The traditional British cocktail to serve at your next garden party or royal wedding do
The first time I had Pimm’s Cup, I was in the Costwolds, visiting friends of friends, and I was baffled. Why, I wondered, were these nice strangers handing me what appeared to be a glass filled with fruit salad and cola?
Little did I know that Pimm’s is a grand British tradition like double decker buses, cream teas and cricket whites. And as Prince Harry and Meghan Markle head to the altar on May 19 for the first of this year’s two royal weddings (the other is Princess Eugenie’s nuptials on Oct. 12), it seemed like a good time to revisit this classic English cocktail.
A “cup” is essentially a punch, though typically lower in alcohol than most punches and based on wine or cider rather than spirits. Cups were once all the rage, especially for drinks enjoyed early in the day when, say, riding to the hounds. But today, the most famous, if not the only, cup we know of is the Pimm’s Cup.
It is one of only two official drinks served at the Wimbledon tennis tournament, Chelsea Flower Show, Henley Royal Regatta and Glyndebourne Festival Opera
It is typically a mix of Pimm’s No. 1 and fizzy lemonade garnished with slices of orange, lemon, apple and/or cucumber, and a sprig of borage or mint. It is traditionally served at such posh English social events as polo matches and garden parties; indeed, it is one of only two official drinks served at the Wimbledon tennis tournament, Chelsea Flower Show, Henley Royal Regatta and Glyndebourne Festival Opera. The other is Champagne.
But what, you may be wondering, is this mysterious elixir known as Pimm’s?

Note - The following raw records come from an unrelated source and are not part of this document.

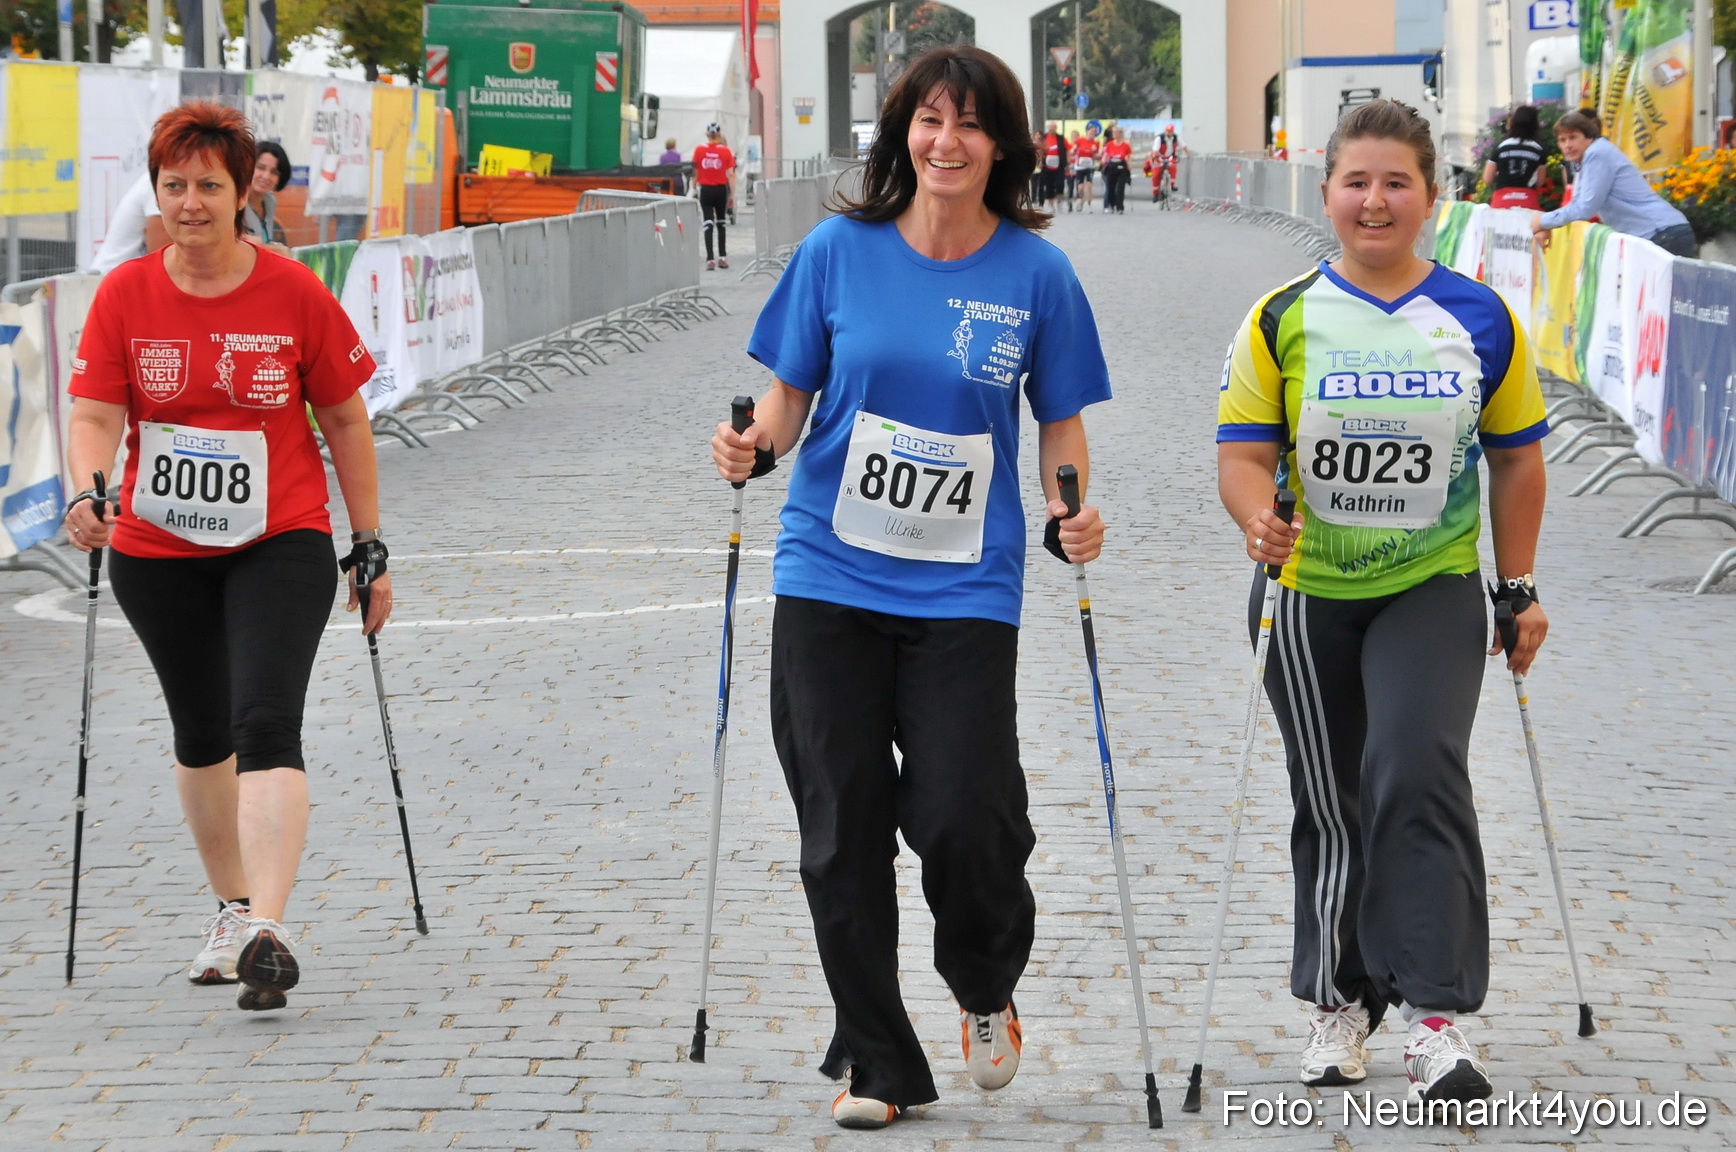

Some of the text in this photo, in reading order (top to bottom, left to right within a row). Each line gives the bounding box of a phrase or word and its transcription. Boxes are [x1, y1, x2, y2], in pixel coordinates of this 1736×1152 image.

[484, 74, 559, 90] Neumarkter
[470, 86, 572, 108] Lammsbräu
[947, 298, 1031, 321] 12. NEUMARKTE
[963, 309, 1022, 328] STADTLAUF
[210, 333, 294, 346] 11. NEUMARKTER
[223, 342, 280, 353] STADTLAUF
[138, 357, 182, 368] WIEDER
[140, 348, 180, 358] IMMER
[1326, 350, 1413, 368] TEAM
[141, 367, 180, 382] NEU
[144, 382, 179, 391] MARKT
[1318, 371, 1464, 401] BOCK
[1340, 418, 1408, 433] BOCK
[173, 433, 226, 451] BOCK
[892, 433, 956, 458] BOCK
[1312, 439, 1433, 484] 8023
[151, 454, 251, 504] 8008
[859, 452, 975, 515] 8074
[1330, 491, 1406, 513] Kathrin
[165, 508, 228, 531] Andrea
[884, 515, 925, 540] Ulrike
[1336, 535, 1407, 575] www.
[717, 698, 725, 730] nordic
[1103, 762, 1114, 795] nordic

It’s a sort of mildly bittersweet, gin-based herbal liqueur that’s fairly low in alcohol—25 per cent ABV—and in price, about $25 for a 750 mL bottle. It’s brownish in hue, with flavours of orange zest, chamomile, cinnamon and licorice, a little like a syrupy, watered-down cola. And, a little confusingly, both the product and the drink made with it are called a “cup.”

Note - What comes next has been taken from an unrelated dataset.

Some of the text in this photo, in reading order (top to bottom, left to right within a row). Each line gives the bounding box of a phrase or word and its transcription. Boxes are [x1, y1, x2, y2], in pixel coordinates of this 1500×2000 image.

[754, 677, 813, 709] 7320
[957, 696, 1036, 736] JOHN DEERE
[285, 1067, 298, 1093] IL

It was invented back in 1823 by the owner of an oyster bar near the Bank of England in London. James Pimm whisked up a concoction of gin, herbs and liqueurs as a digestive tonic for his customers and served it in small tankards known as No. 1 cups. It was rapidly taken up by the upwardly mobile classes, and has rarely been out of fashion since. One can imagine a dyspeptic Mr. Banks turning in relief to Pimm’s after another trying exchange with Mary Poppins or a behatted Lady Violet sipping it after judging the roses.
In 1851, Pimm’s No. 2 and No. 3 Cups arrived on the scene—the first made with a Scotch whisky base, the second with brandy. Since then there have been several other cups including versions made with rum, rye and vodka, as well as a seasonal Winter Cup made with brandy and spices. All have been phased out except the classic No.1, the vodka version and the Winter Cup; in British Columbia, only Pimm’s No. 1 is available.
Although James Pimm’s oyster bar is long gone, the drink he created lingers on like a nostalgic dream of an idyllic Britain that may, in truth, never have existed. Think of it as the Brideshead Revisited of cocktails.
Still, it may be just what you’re craving should you be planning a garden soirée this spring, or perhaps a royal wedding viewing party, fruit salad garnish and all.
IT’S YOUR SERVE: Just as the Kentucky Derby has its Mint Julep and the Preakness has the Black Eyed Susan, the signature drink of the Wimbeldon Tennis Tournament is the Pimm’s Cup. The competition’s first Pimm’s bar opened in 1971, and today some 200,000 fruit-garnished glasses (about 80,000 pints) are served each year.
FINE-TUNING THE FIZZ: In the UK, Pimm’s Cup is properly made with fizzy lemonade, which is a rarity on this side of the pond. You could replace it with Sprite, 7 Up or ginger ale, or seek out the San Pellegrino limonata, the closest thing we have to English lemonade.
FROM LONDON TO NOLA: If you want a proper Pimm’s, head to London, where it was invented, or strangely, New Orleans, where it’s found a home away from home. In 1940, Nola’s Napoleon House Bar started serving the digestive drink, and it’s since become a city staple. The British version is made with fizzy lemonade and a garden of greenery to garnish, while the Louisiana one is made with lemonade, lemon-lime soda and a relatively minimalist spear of cucumber.